Y avait-il déjà un enjeu pour vous à l’époque, ou bien était-ce une sorte d'amusement ?
Non, je ne me suis jamais amusé à ça. Le temps de la réception a toujours été difficile. Je n’avais rien à dire, et d'ailleurs c’est parfois ce que je reproche à mes invités à la radio. Aux questions du style « est-ce qu’il y a un message ? », je n’avais rien à répondre. La seule chose que je savais, c’est que j’avais acheté pendant des années des romans pornographiques hétéros, et qu’il a fallu que j’en fasse quelque chose. Mon travail est de cet ordre-là : je vis entouré de choses qui ont trait à la tension sexuelle.
Qui vous a encouragé à continuer votre pratique artistique et finalement à exposer ?
En particulier Alain Gutharc. Mais je n’ai plus rien montré pendant longtemps. Ça avait pourtant bien marché, j’avais eu un article dans Libération alors que j’étais complètement inconnu, et j’ai très mal vécu les choses. Je me suis dit : « C’est aussi facile que ça ? » Quand on se pose cette question, c’est qu’on n’a pas tellement confiance dans son travail. Mais j’ai toujours continué à faire des choses dont j’étais le premier spectateur, avec toujours l’idée que ce que je fais, je pourrais l’acheter.

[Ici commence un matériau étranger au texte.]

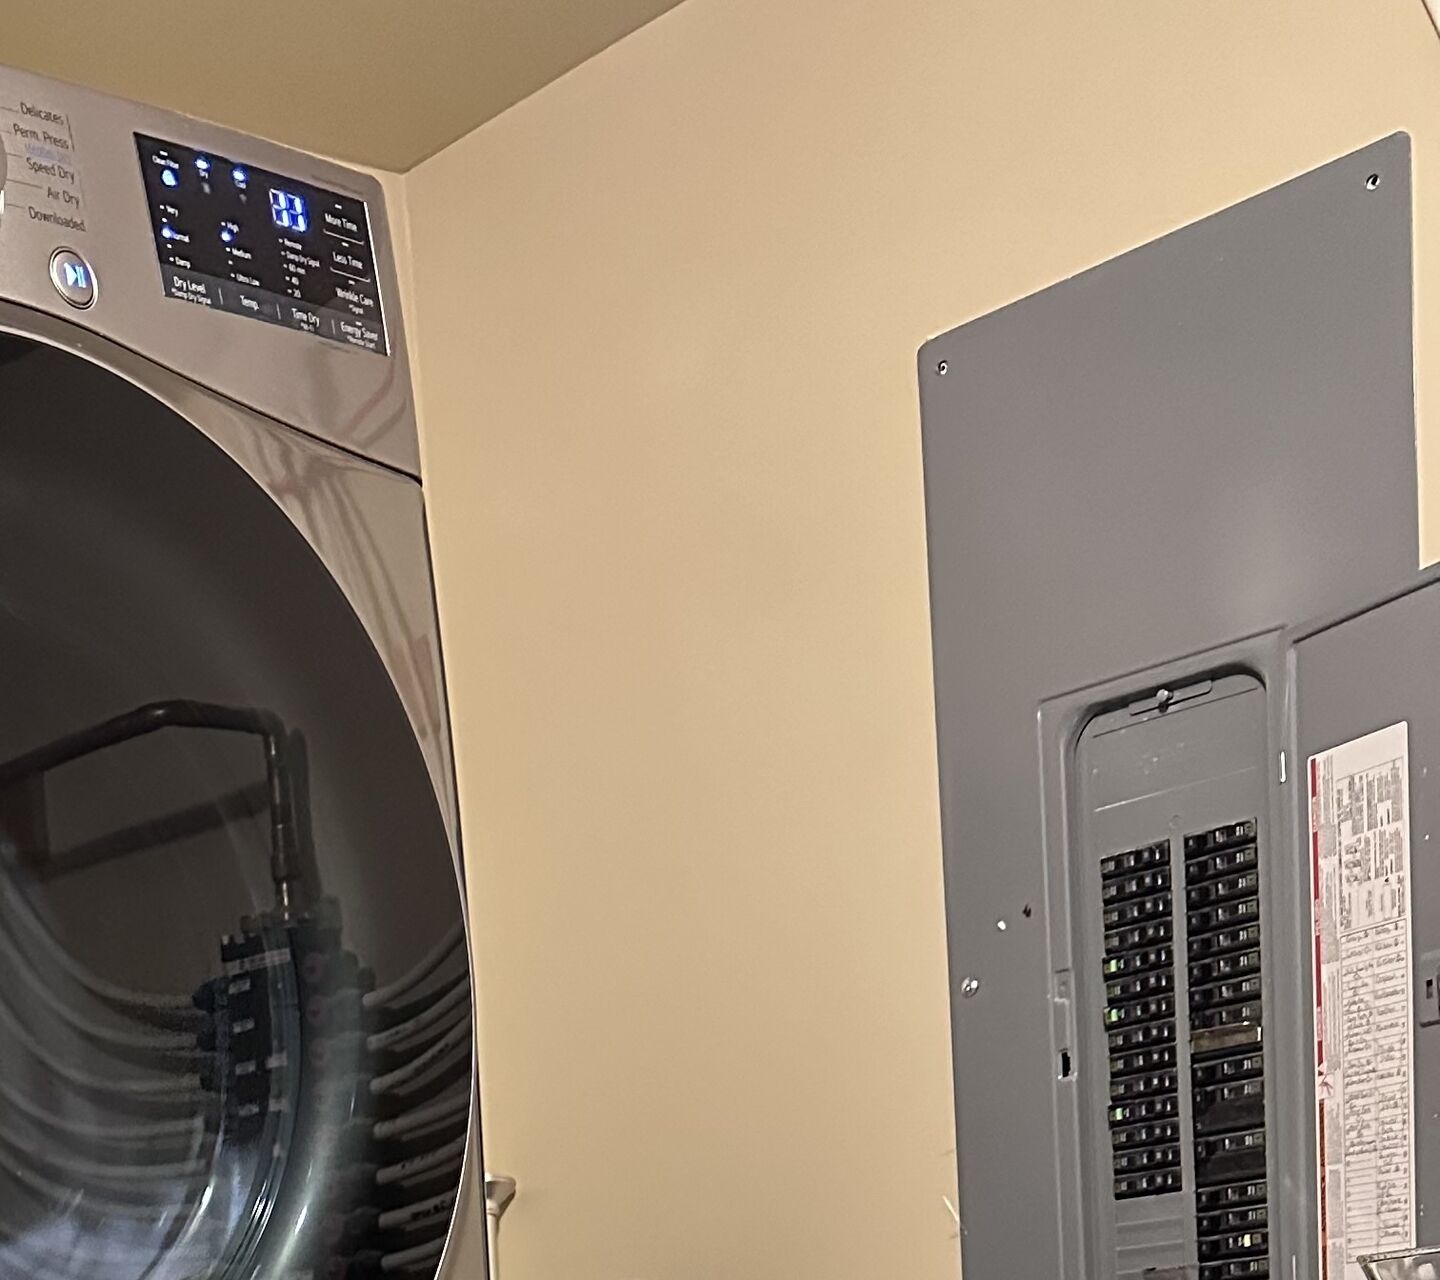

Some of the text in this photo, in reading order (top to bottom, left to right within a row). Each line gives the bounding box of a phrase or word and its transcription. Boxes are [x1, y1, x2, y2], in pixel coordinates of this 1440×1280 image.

[20, 101, 64, 125] Delicates
[43, 131, 69, 150] Press
[26, 157, 75, 184] Speed Dry
[62, 190, 80, 209] Dry
[28, 206, 87, 232] Downloaded
[341, 218, 358, 232] Time
[348, 256, 363, 269] Time
[173, 276, 187, 291] Dry
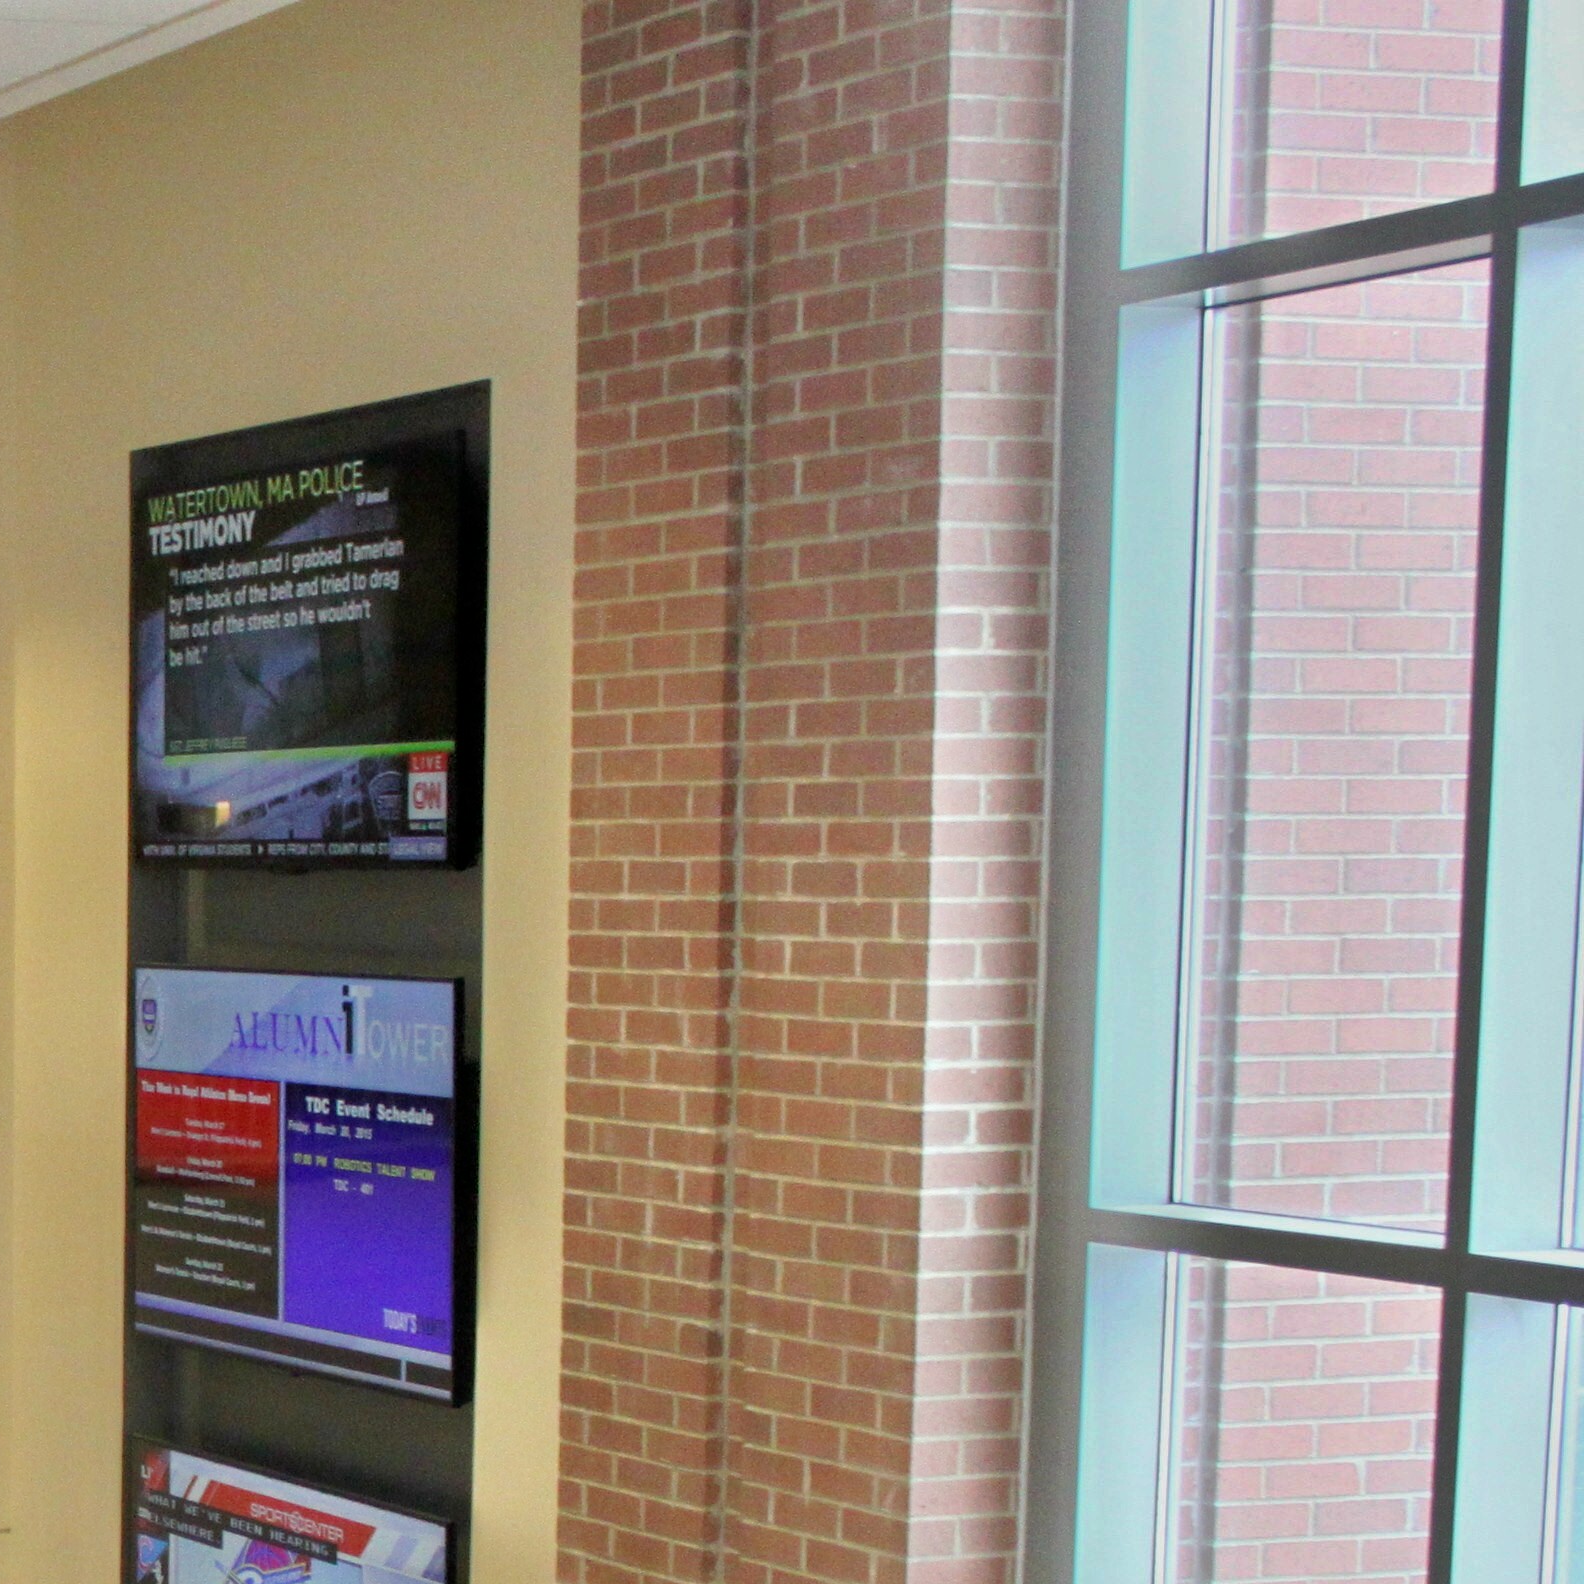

Oui, car vous êtes collectionneur d’art, comme en témoigne votre appartement dont chaque recoin regorge de tableaux, de sculptures, de photos...
Oui, j'en achète bien au-delà de mes moyens, et ce depuis que je suis prof dans les années 90. A Paris, j'achetais les œuvres d'un artiste très peu connu, Jean-Pierre Allain. C’est bien de dire aux artistes qu’on aime bien ce qu’ils font. Et ils vivent comment ? Je ne supporte pas le discours qui dit « l’argent et l’art ça n’a rien à voir »… Ah bon ? Et ils vivent comment, les artistes ? Quant à moi, je me suis rendu compte que je voulais vivre avec ça sous les yeux.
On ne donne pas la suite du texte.